Near-Infrared Activatable Copper Nanoplatforms Synergize with the 5-Azacytidine Prodrug to Potentiate Cuproptosis

Angew Chem Int Ed Engl. 2024 Oct 14:e202411609. doi: 10.1002/anie.202411609. Online ahead of print.

Abstract

Cuproptosis, a newly discovered cell death modality, is gaining recognition for its crucial role in antitumor therapy. Here, we demonstrated that Ferredoxin 1 (FDX1), a key gene involved in cuproptosis, is negatively correlated with malignancy and T-cell exhaustion in head and neck squamous cell carcinoma (HNSCC). Based on these findings, we developed near-infrared (NIR) light-controlled nanoparticles (NPs), CuD@PM, which can selectively deliver copper to HNSCC cells and induce cuproptosis in the presence of microneedles loaded with triacetylated azacitidine (TAc-AzaC) and 808 nm laser irradiation.
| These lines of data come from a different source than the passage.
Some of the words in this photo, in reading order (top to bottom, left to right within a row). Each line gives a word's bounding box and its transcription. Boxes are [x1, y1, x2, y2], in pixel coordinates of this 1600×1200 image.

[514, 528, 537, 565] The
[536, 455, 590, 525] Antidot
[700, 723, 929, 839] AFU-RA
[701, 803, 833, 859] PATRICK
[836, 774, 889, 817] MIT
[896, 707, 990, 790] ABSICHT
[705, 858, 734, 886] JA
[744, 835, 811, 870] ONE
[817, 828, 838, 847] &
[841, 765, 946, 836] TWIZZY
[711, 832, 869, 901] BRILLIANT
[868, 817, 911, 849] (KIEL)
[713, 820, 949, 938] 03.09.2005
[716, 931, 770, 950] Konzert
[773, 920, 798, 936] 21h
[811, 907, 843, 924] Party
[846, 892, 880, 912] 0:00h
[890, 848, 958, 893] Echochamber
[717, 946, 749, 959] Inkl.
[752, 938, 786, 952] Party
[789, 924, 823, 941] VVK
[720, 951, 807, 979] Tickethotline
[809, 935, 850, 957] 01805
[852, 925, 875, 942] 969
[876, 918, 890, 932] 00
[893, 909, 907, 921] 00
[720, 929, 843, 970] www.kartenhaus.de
Intravenous administration of these NPs significantly suppressed tumor growth in HNSCC animal models and enhanced the antitumor immune response. The NIR-controlled activation of cuproptosis offers great potential as a safe, targeted, and image-guided antitumor therapy for HNSCC.

Keywords: antitumor therapy; cuproptosis; ferredoxin 1; near-infrared light; photocatalysis.